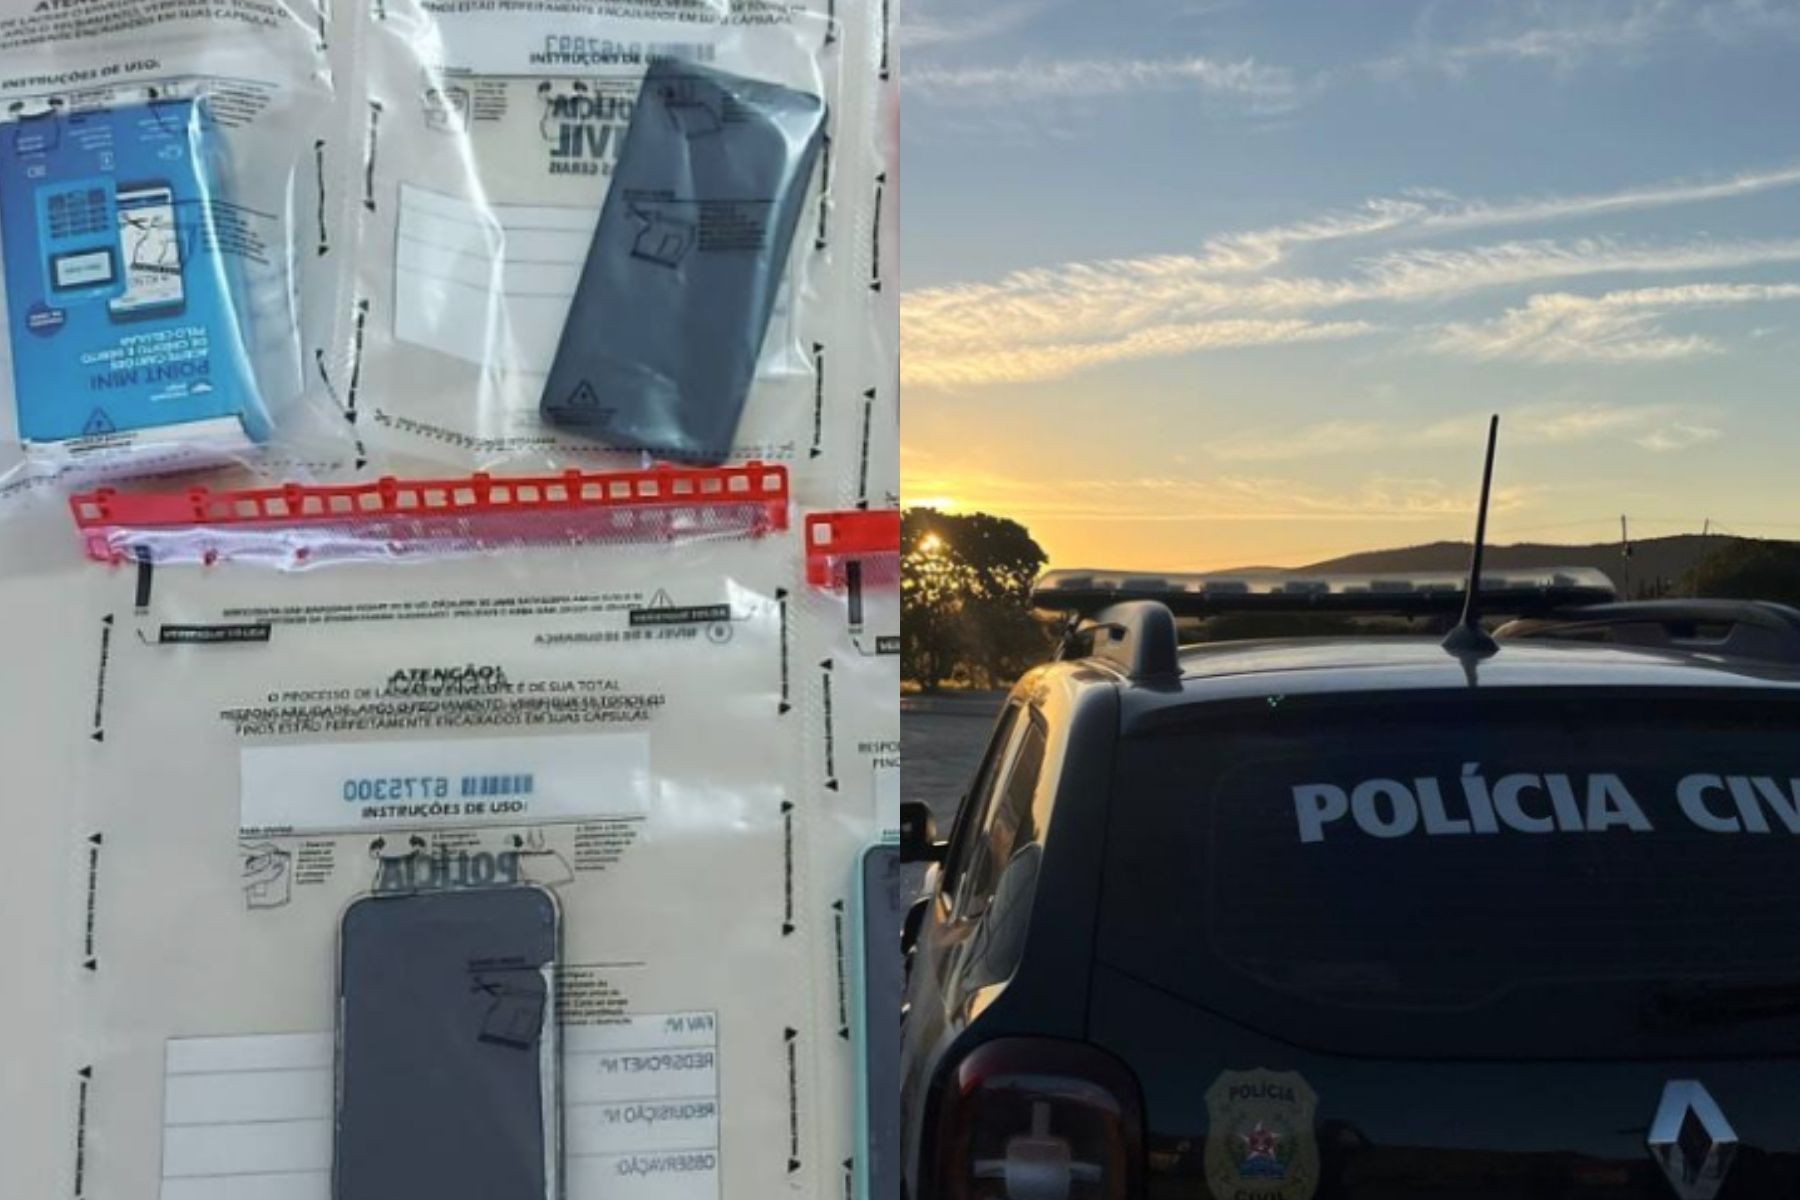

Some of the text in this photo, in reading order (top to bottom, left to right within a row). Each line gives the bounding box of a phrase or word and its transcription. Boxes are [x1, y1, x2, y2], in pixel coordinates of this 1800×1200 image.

[1, 69, 98, 91] INSTRUÇÕES
[100, 64, 120, 77] DE
[90, 360, 209, 391] POINT MINI
[391, 664, 503, 683] ATENÇÃO!
[282, 688, 350, 702] PROCESSO
[353, 687, 372, 699] DE
[529, 681, 546, 693] DE
[548, 680, 576, 693] SUA
[577, 678, 621, 693] TOTAL
[361, 801, 460, 820] INSTRUÇÕES
[464, 802, 485, 816] DE
[1292, 762, 1655, 843] POLÍCIA

DIRECTIONS FOR THIS TASK —
Everything in the material except the pictures should be output verbatim.

ANSWER SPACE —
Some of the text in this photo, in reading order (top to bottom, left to right within a row). Each line gives the bounding box of a phrase or word and its transcription. Boxes are [x1, y1, x2, y2], in pixel coordinates of this 1800×1200 image.

[1, 69, 98, 91] INSTRUÇÕES
[100, 64, 120, 77] DE
[90, 360, 209, 391] POINT MINI
[391, 664, 503, 683] ATENÇÃO!
[282, 688, 350, 702] PROCESSO
[353, 687, 372, 699] DE
[529, 681, 546, 693] DE
[548, 680, 576, 693] SUA
[577, 678, 621, 693] TOTAL
[361, 801, 460, 820] INSTRUÇÕES
[464, 802, 485, 816] DE
[1292, 762, 1655, 843] POLÍCIA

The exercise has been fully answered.